On the hill, there have been 5 towers. The first tower, built in 1812, is the subject of a folk legend: it was supposedly destroyed because it confused ships headed toward the coast. The second tower was built in 1870 by a local barman. The tower was 8 m high. The tower was popular amongst local people because of its bar. Only 4–5 people fit in the tower and the trees started to ruin the view.

The third tower was built on the same building as the second tower. The tower was built up to 12 m.

The fourth tower was built in 1925, when Estonia was an independent state. The tower was built in 3 months and it was 17 m high. The Võru county then built paths for people, cleaned the forest and put benches in front of the tower. The fourth tower was ceremonially opened on 19 July 1925. Soon after that people realized that the wooden tower was old and again the trees started blocking the view — 17 metres was not high enough.

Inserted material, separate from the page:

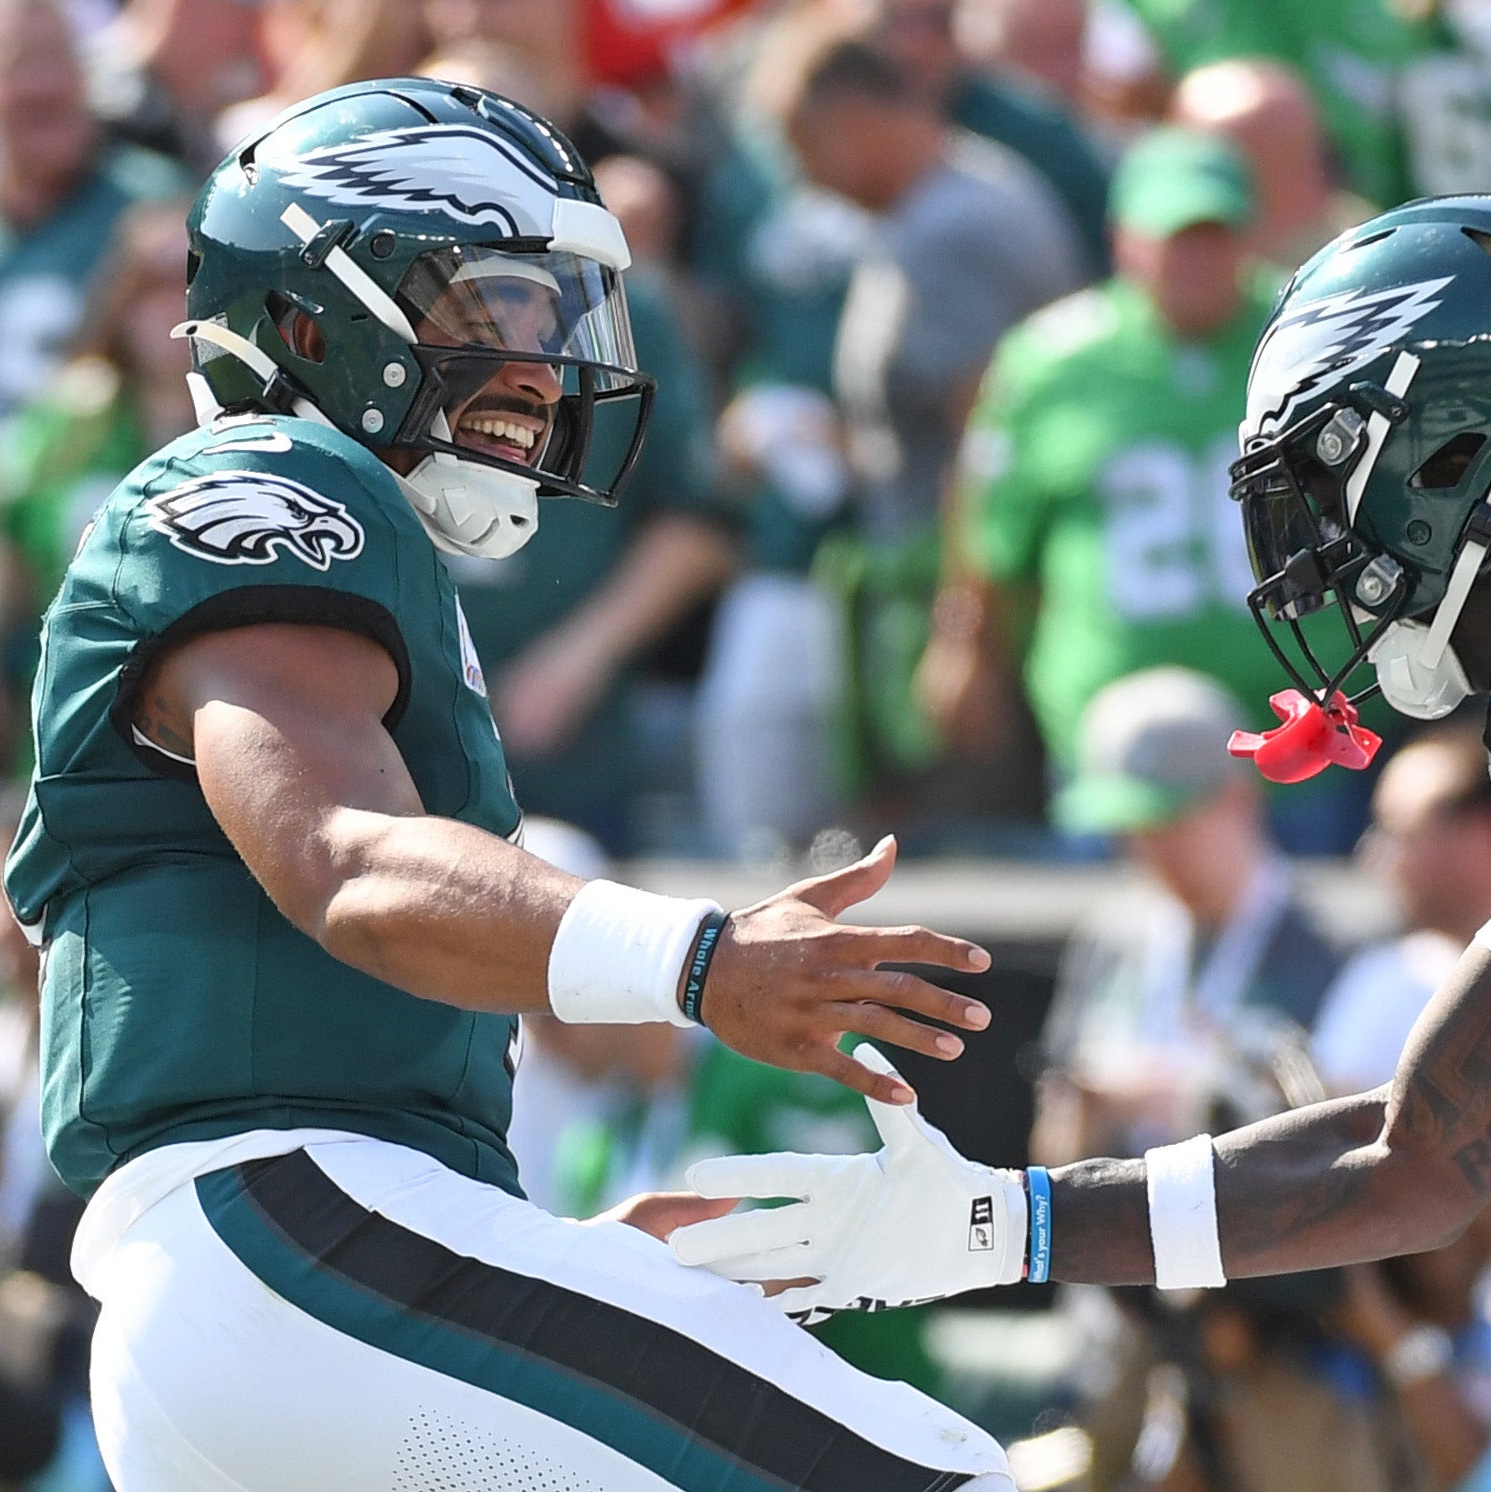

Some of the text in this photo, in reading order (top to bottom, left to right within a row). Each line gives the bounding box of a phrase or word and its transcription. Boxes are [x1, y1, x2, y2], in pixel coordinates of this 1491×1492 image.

The new fifth tower was built of ferroconcrete in 1939. The tower was made 25.7 m high. It was built of 36 000 bricks and 80 tons of cement which all were carried up to the mountain. The tower was finished in the same year in June but the ceremonial opening was cancelled because of World War II. The tower was not seriously harmed in war and the repair was made in 1955. The Memorial Museum of Fr.R. Kreutzwald that was at that time the owner of the tower, started to modernize the tower and fix its surroundings.

In 1969 the museum built an additional floor on the top of the tower and changed the construction of the stairway on the top floors. The add-on was engineered by Toomas Rein and Veljo Kaasik. The tower was now 29.1 m high. The view from the height of 346.7 m is 50 km in radius.

A renovation project of the tower was started in 1998 by Haanja parish. In 1999–2000, architect Toomas Rein carried it out. In 2002 the piping of the tower was engineered and completed next year. From August 2004 to July 2005 major renovation works were made on Suur Munamägi: the observation tower was renovated, the tower's elevator and glass café were built, the paths to the tower re-made, the lightning of the pedestrian path and the tower was made. The total cost of the works was 10 million kroons. The construction was financed by the EU Phare program, Enterprise Estonia, the Estonian government, Environmental Investment Centre, private supporters and the budget of the parish.

On 24 July 2005 the renovated observation tower of Suur Munamägi was festively opened.